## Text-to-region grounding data
□ □ □ □ □

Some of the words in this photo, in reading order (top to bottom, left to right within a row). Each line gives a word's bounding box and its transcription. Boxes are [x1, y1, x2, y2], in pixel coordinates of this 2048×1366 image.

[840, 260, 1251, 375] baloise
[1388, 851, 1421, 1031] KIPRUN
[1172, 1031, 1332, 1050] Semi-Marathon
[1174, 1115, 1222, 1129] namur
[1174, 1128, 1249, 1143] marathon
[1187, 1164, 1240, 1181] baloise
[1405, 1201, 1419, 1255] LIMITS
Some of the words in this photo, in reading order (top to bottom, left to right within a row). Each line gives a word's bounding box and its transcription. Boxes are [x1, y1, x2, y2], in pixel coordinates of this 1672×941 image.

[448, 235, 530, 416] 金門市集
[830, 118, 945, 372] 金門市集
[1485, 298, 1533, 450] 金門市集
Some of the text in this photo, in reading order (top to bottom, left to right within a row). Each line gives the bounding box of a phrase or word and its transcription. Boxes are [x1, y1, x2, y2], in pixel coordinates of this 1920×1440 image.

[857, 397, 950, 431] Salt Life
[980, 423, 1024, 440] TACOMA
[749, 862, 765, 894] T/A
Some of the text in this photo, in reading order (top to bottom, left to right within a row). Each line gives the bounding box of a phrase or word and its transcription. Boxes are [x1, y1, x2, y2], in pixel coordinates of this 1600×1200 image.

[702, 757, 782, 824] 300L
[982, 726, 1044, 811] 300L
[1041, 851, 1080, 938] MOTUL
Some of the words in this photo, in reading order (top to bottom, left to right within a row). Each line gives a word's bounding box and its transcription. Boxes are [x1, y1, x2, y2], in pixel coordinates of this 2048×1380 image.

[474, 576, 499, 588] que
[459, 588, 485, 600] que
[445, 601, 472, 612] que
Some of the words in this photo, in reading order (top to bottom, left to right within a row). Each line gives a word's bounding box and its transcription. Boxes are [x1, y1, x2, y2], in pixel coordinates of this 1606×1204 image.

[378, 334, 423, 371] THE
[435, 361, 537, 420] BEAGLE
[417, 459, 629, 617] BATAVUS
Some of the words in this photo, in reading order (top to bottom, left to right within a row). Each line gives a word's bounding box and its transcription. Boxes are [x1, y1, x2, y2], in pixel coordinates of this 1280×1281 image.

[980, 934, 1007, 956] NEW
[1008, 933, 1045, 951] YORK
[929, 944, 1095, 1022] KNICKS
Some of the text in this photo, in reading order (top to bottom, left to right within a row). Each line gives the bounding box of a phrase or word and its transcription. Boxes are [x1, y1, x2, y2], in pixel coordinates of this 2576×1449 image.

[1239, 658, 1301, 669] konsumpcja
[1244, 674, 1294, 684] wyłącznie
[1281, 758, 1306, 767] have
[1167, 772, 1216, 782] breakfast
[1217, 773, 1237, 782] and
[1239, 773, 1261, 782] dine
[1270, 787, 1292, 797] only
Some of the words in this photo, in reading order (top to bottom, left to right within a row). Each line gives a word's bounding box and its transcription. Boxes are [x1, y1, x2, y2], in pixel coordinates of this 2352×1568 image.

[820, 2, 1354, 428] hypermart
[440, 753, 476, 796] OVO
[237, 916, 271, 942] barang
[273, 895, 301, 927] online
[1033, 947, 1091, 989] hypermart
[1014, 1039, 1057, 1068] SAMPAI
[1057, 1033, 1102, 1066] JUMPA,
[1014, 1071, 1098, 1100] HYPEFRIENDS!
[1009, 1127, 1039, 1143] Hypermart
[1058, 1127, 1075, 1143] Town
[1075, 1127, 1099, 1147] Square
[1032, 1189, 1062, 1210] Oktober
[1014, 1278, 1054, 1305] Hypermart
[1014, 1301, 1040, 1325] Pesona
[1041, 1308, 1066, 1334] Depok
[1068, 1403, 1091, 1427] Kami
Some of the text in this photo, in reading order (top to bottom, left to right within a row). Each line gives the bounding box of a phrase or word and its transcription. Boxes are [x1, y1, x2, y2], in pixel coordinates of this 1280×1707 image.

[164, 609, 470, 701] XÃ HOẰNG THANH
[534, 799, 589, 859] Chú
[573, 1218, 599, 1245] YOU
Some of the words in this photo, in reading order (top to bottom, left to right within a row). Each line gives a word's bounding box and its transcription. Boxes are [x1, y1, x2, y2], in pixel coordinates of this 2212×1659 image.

□ □ □ □ □

From the first line to the last, retype the records exactly as they stand above.

## EXERCISE SOLUTION
Some of the words in this photo, in reading order (top to bottom, left to right within a row). Each line gives a word's bounding box and its transcription. Boxes are [x1, y1, x2, y2], in pixel coordinates of this 2048×1366 image.

[840, 260, 1251, 375] baloise
[1388, 851, 1421, 1031] KIPRUN
[1172, 1031, 1332, 1050] Semi-Marathon
[1174, 1115, 1222, 1129] namur
[1174, 1128, 1249, 1143] marathon
[1187, 1164, 1240, 1181] baloise
[1405, 1201, 1419, 1255] LIMITS
Some of the words in this photo, in reading order (top to bottom, left to right within a row). Each line gives a word's bounding box and its transcription. Boxes are [x1, y1, x2, y2], in pixel coordinates of this 1672×941 image.

[448, 235, 530, 416] 金門市集
[830, 118, 945, 372] 金門市集
[1485, 298, 1533, 450] 金門市集
Some of the text in this photo, in reading order (top to bottom, left to right within a row). Each line gives the bounding box of a phrase or word and its transcription. Boxes are [x1, y1, x2, y2], in pixel coordinates of this 1920×1440 image.

[857, 397, 950, 431] Salt Life
[980, 423, 1024, 440] TACOMA
[749, 862, 765, 894] T/A
Some of the text in this photo, in reading order (top to bottom, left to right within a row). Each line gives the bounding box of a phrase or word and its transcription. Boxes are [x1, y1, x2, y2], in pixel coordinates of this 1600×1200 image.

[702, 757, 782, 824] 300L
[982, 726, 1044, 811] 300L
[1041, 851, 1080, 938] MOTUL
Some of the words in this photo, in reading order (top to bottom, left to right within a row). Each line gives a word's bounding box and its transcription. Boxes are [x1, y1, x2, y2], in pixel coordinates of this 2048×1380 image.

[474, 576, 499, 588] que
[459, 588, 485, 600] que
[445, 601, 472, 612] que
Some of the words in this photo, in reading order (top to bottom, left to right within a row). Each line gives a word's bounding box and its transcription. Boxes are [x1, y1, x2, y2], in pixel coordinates of this 1606×1204 image.

[378, 334, 423, 371] THE
[435, 361, 537, 420] BEAGLE
[417, 459, 629, 617] BATAVUS
Some of the words in this photo, in reading order (top to bottom, left to right within a row). Each line gives a word's bounding box and its transcription. Boxes are [x1, y1, x2, y2], in pixel coordinates of this 1280×1281 image.

[980, 934, 1007, 956] NEW
[1008, 933, 1045, 951] YORK
[929, 944, 1095, 1022] KNICKS
Some of the text in this photo, in reading order (top to bottom, left to right within a row). Each line gives the bounding box of a phrase or word and its transcription. Boxes are [x1, y1, x2, y2], in pixel coordinates of this 2576×1449 image.

[1239, 658, 1301, 669] konsumpcja
[1244, 674, 1294, 684] wyłącznie
[1281, 758, 1306, 767] have
[1167, 772, 1216, 782] breakfast
[1217, 773, 1237, 782] and
[1239, 773, 1261, 782] dine
[1270, 787, 1292, 797] only
Some of the words in this photo, in reading order (top to bottom, left to right within a row). Each line gives a word's bounding box and its transcription. Boxes are [x1, y1, x2, y2], in pixel coordinates of this 2352×1568 image.

[820, 2, 1354, 428] hypermart
[440, 753, 476, 796] OVO
[237, 916, 271, 942] barang
[273, 895, 301, 927] online
[1033, 947, 1091, 989] hypermart
[1014, 1039, 1057, 1068] SAMPAI
[1057, 1033, 1102, 1066] JUMPA,
[1014, 1071, 1098, 1100] HYPEFRIENDS!
[1009, 1127, 1039, 1143] Hypermart
[1058, 1127, 1075, 1143] Town
[1075, 1127, 1099, 1147] Square
[1032, 1189, 1062, 1210] Oktober
[1014, 1278, 1054, 1305] Hypermart
[1014, 1301, 1040, 1325] Pesona
[1041, 1308, 1066, 1334] Depok
[1068, 1403, 1091, 1427] Kami
Some of the text in this photo, in reading order (top to bottom, left to right within a row). Each line gives the bounding box of a phrase or word and its transcription. Boxes are [x1, y1, x2, y2], in pixel coordinates of this 1280×1707 image.

[164, 609, 470, 701] XÃ HOẰNG THANH
[534, 799, 589, 859] Chú
[573, 1218, 599, 1245] YOU
Some of the words in this photo, in reading order (top to bottom, left to right within a row). Each line gives a word's bounding box and its transcription. Boxes are [x1, y1, x2, y2], in pixel coordinates of this 2212×1659 image.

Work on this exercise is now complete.